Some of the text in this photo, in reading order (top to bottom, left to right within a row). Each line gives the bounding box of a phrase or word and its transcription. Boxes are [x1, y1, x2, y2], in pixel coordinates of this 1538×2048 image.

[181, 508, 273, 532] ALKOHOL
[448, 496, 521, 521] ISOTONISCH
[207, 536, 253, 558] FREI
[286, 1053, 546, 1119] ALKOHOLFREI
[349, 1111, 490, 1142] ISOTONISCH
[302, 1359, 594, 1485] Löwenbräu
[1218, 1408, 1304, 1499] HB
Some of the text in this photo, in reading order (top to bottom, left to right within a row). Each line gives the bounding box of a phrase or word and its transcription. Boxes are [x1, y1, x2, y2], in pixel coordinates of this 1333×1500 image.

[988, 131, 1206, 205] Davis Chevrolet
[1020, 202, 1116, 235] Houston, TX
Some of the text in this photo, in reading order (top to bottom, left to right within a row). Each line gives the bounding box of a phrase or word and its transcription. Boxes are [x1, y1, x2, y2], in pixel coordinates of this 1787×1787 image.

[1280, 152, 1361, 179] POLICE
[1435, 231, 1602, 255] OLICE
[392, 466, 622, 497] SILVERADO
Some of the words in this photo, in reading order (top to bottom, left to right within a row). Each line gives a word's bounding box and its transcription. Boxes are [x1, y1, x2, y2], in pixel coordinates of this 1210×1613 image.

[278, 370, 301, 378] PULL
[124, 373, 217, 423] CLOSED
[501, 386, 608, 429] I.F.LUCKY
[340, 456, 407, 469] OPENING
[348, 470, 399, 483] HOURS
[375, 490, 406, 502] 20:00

+===+

Copy each line of the data above exactly as it appears.

Some of the text in this photo, in reading order (top to bottom, left to right within a row). Each line gives the bounding box of a phrase or word and its transcription. Boxes are [x1, y1, x2, y2], in pixel coordinates of this 1538×2048 image.

[181, 508, 273, 532] ALKOHOL
[448, 496, 521, 521] ISOTONISCH
[207, 536, 253, 558] FREI
[286, 1053, 546, 1119] ALKOHOLFREI
[349, 1111, 490, 1142] ISOTONISCH
[302, 1359, 594, 1485] Löwenbräu
[1218, 1408, 1304, 1499] HB
Some of the text in this photo, in reading order (top to bottom, left to right within a row). Each line gives the bounding box of a phrase or word and its transcription. Boxes are [x1, y1, x2, y2], in pixel coordinates of this 1333×1500 image.

[988, 131, 1206, 205] Davis Chevrolet
[1020, 202, 1116, 235] Houston, TX
Some of the text in this photo, in reading order (top to bottom, left to right within a row). Each line gives the bounding box of a phrase or word and its transcription. Boxes are [x1, y1, x2, y2], in pixel coordinates of this 1787×1787 image.

[1280, 152, 1361, 179] POLICE
[1435, 231, 1602, 255] OLICE
[392, 466, 622, 497] SILVERADO
Some of the words in this photo, in reading order (top to bottom, left to right within a row). Each line gives a word's bounding box and its transcription. Boxes are [x1, y1, x2, y2], in pixel coordinates of this 1210×1613 image.

[278, 370, 301, 378] PULL
[124, 373, 217, 423] CLOSED
[501, 386, 608, 429] I.F.LUCKY
[340, 456, 407, 469] OPENING
[348, 470, 399, 483] HOURS
[375, 490, 406, 502] 20:00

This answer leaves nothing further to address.